■ **PROBLEM DETAILS**: Only the text should be kept: print every entry below exactly and leave each image out.

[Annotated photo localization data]
######
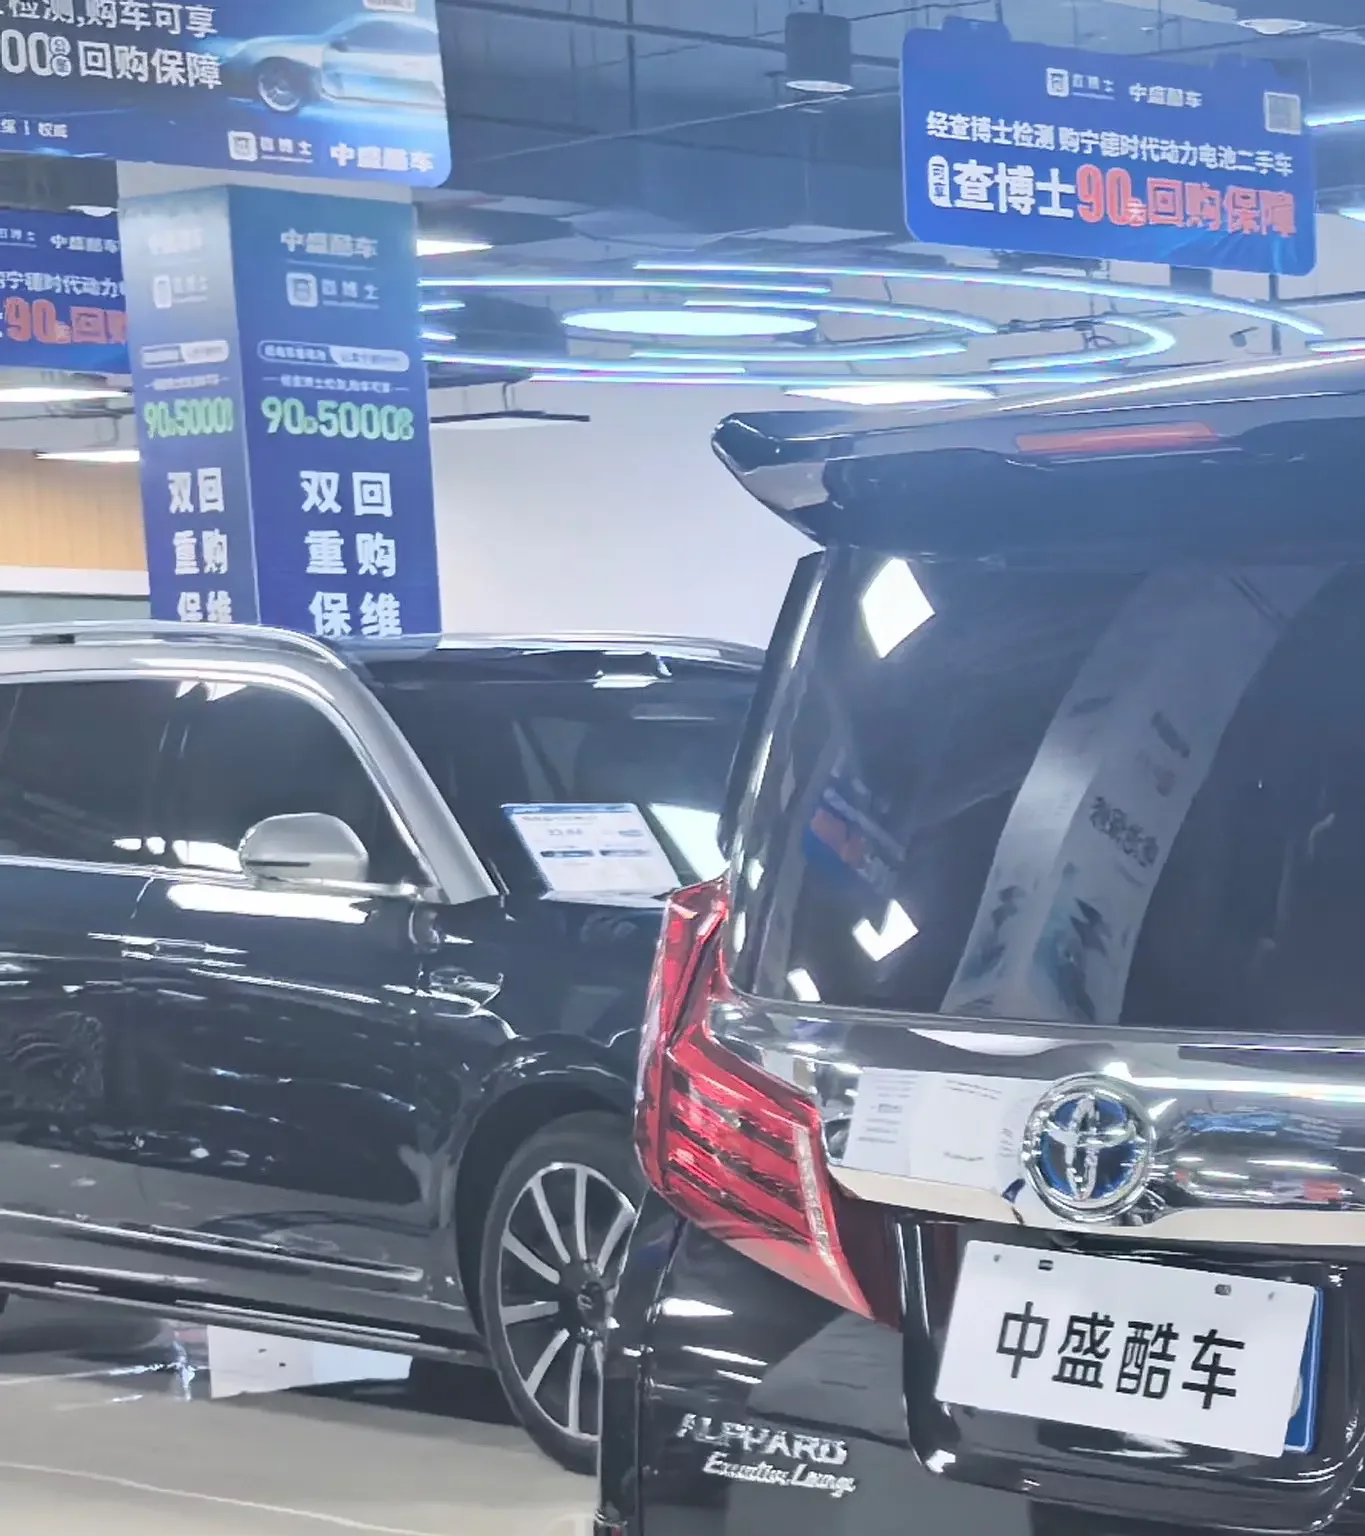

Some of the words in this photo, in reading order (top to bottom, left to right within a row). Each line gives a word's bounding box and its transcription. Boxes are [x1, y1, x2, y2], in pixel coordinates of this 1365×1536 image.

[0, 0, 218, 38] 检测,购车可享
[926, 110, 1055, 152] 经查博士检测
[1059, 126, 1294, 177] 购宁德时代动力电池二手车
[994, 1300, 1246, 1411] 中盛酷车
######
■ **ANSWER BOX**:
Some of the words in this photo, in reading order (top to bottom, left to right within a row). Each line gives a word's bounding box and its transcription. Boxes are [x1, y1, x2, y2], in pixel coordinates of this 1365×1536 image.

[0, 0, 218, 38] 检测,购车可享
[926, 110, 1055, 152] 经查博士检测
[1059, 126, 1294, 177] 购宁德时代动力电池二手车
[994, 1300, 1246, 1411] 中盛酷车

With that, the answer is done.